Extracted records

╭──

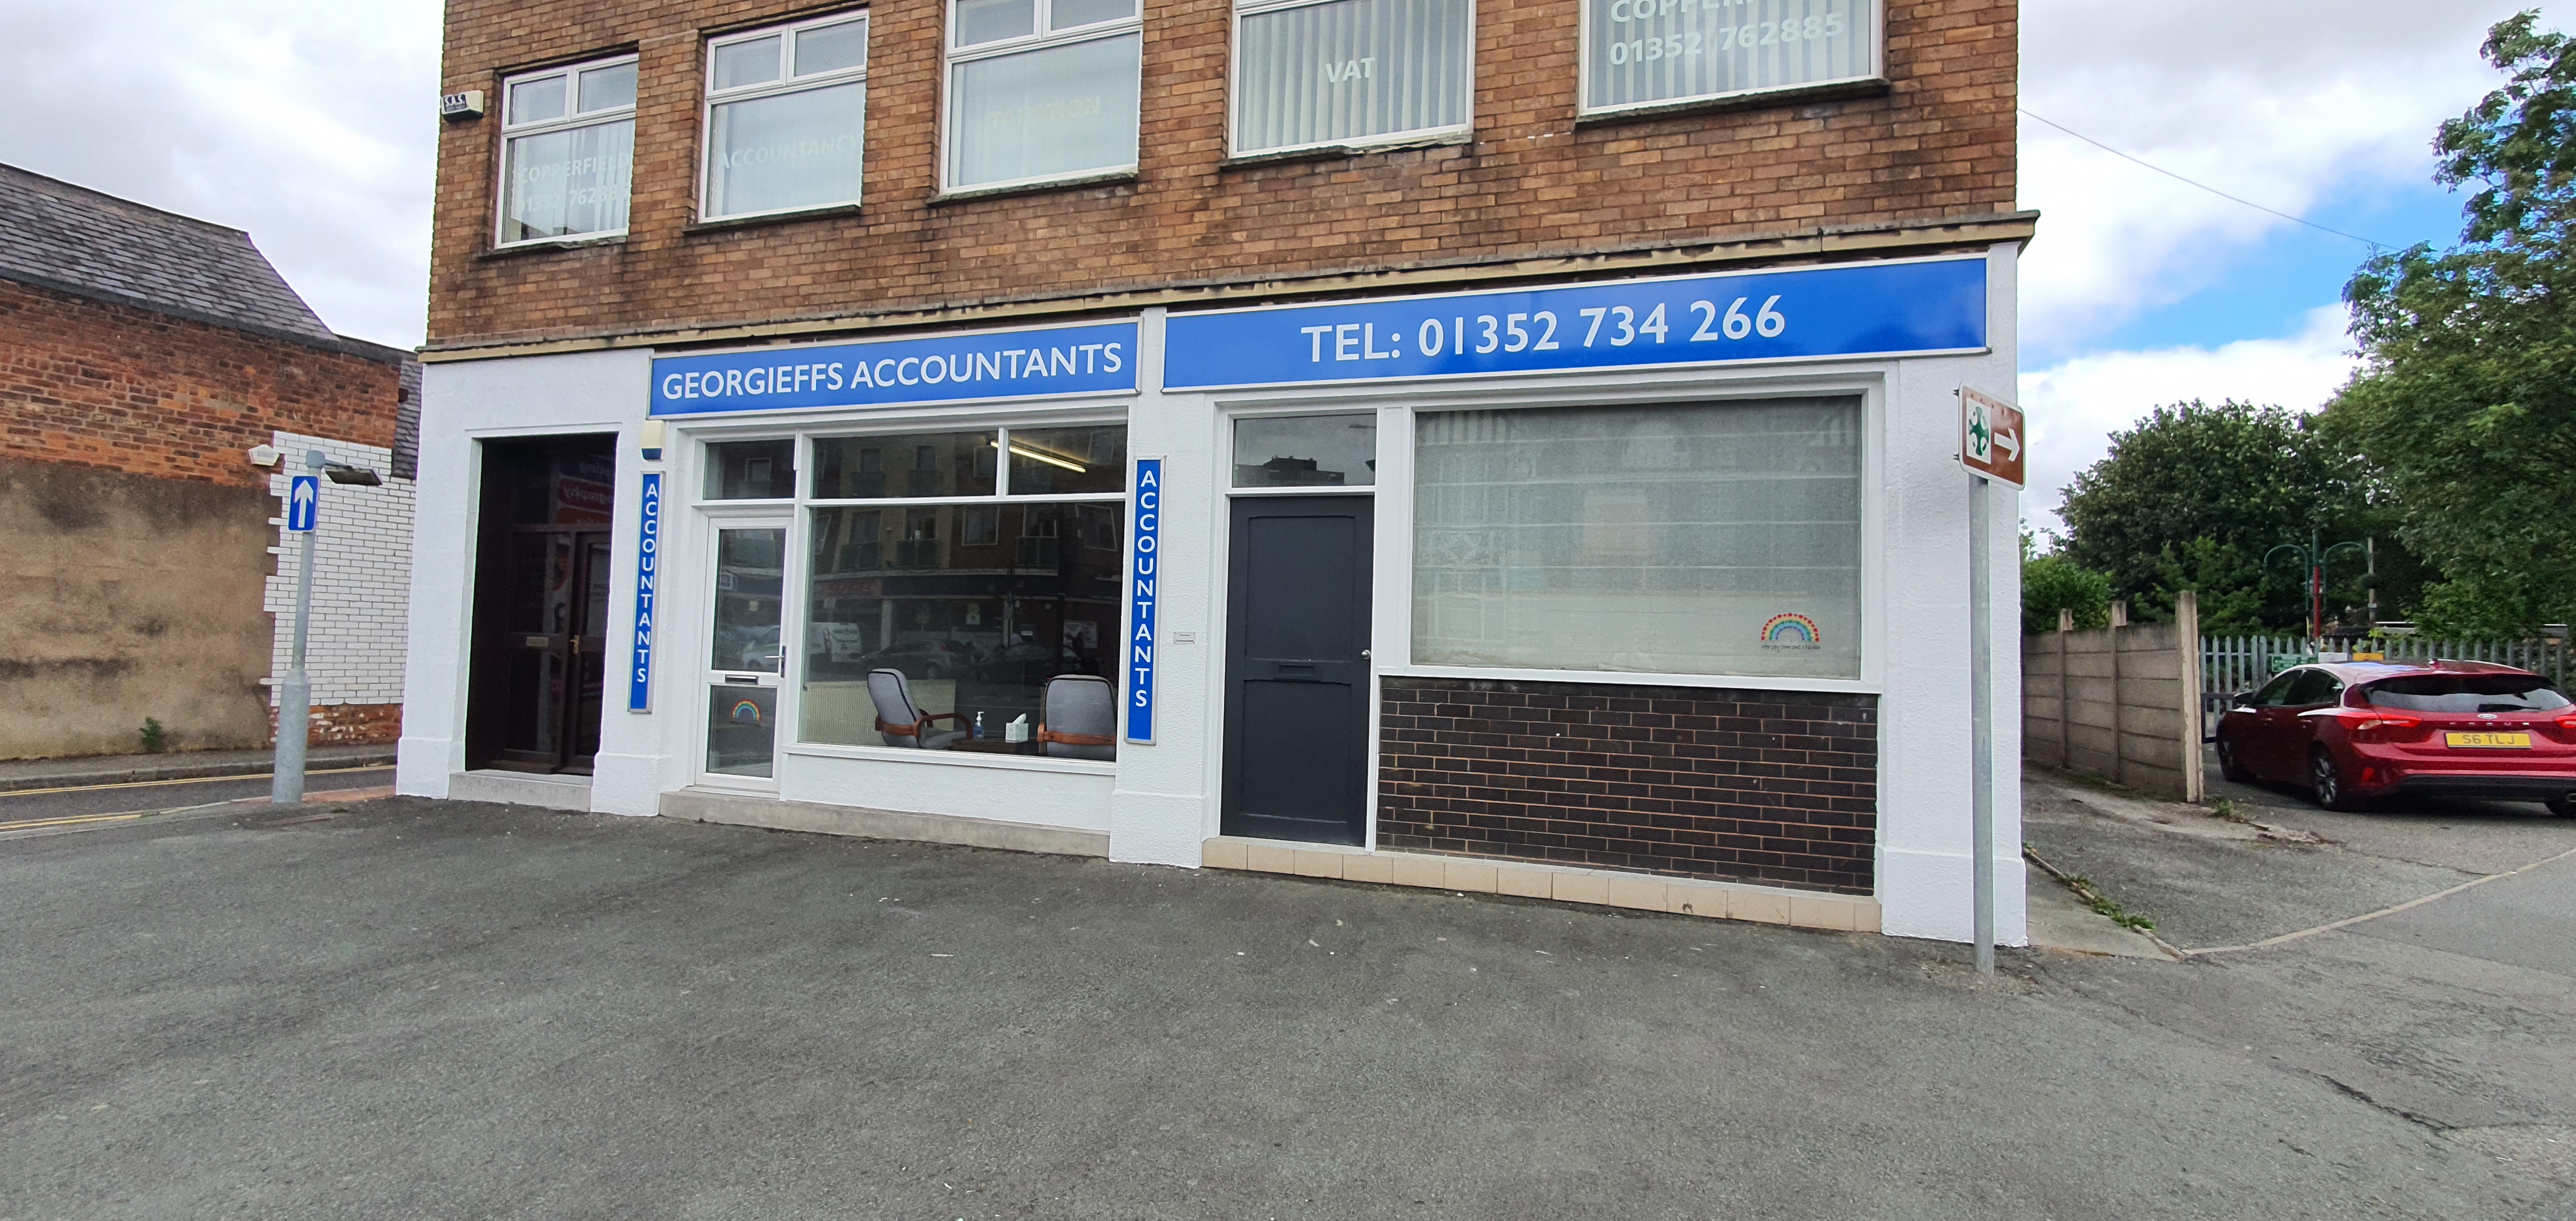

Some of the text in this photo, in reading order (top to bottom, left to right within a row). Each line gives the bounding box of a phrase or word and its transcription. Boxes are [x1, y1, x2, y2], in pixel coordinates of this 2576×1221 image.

[1610, 12, 1844, 65] 01352 762885
[1325, 57, 1376, 83] VAT
[718, 134, 861, 169] ACCOUNTANCY
[1301, 295, 1784, 362] TEL: 01352 734 266
[663, 343, 1121, 399] GEORGIEFFS ACCOUNTANTS
[637, 484, 657, 683] ACCOUNTANTS
[1135, 471, 1156, 707] ACCOUNTANTS
[2462, 734, 2515, 744] S6 TLJ

╰──

• _WHAT IS NEEDED_
What is needed is the data above, retyped exactly, with every picture left out.

• _OUTPUT FOR THIS EXERCISE_
Some of the text in this photo, in reading order (top to bottom, left to right within a row). Each line gives the bounding box of a phrase or word and its transcription. Boxes are [x1, y1, x2, y2], in pixel coordinates of this 2576×1221 image.

[1610, 12, 1844, 65] 01352 762885
[1325, 57, 1376, 83] VAT
[718, 134, 861, 169] ACCOUNTANCY
[1301, 295, 1784, 362] TEL: 01352 734 266
[663, 343, 1121, 399] GEORGIEFFS ACCOUNTANTS
[637, 484, 657, 683] ACCOUNTANTS
[1135, 471, 1156, 707] ACCOUNTANTS
[2462, 734, 2515, 744] S6 TLJ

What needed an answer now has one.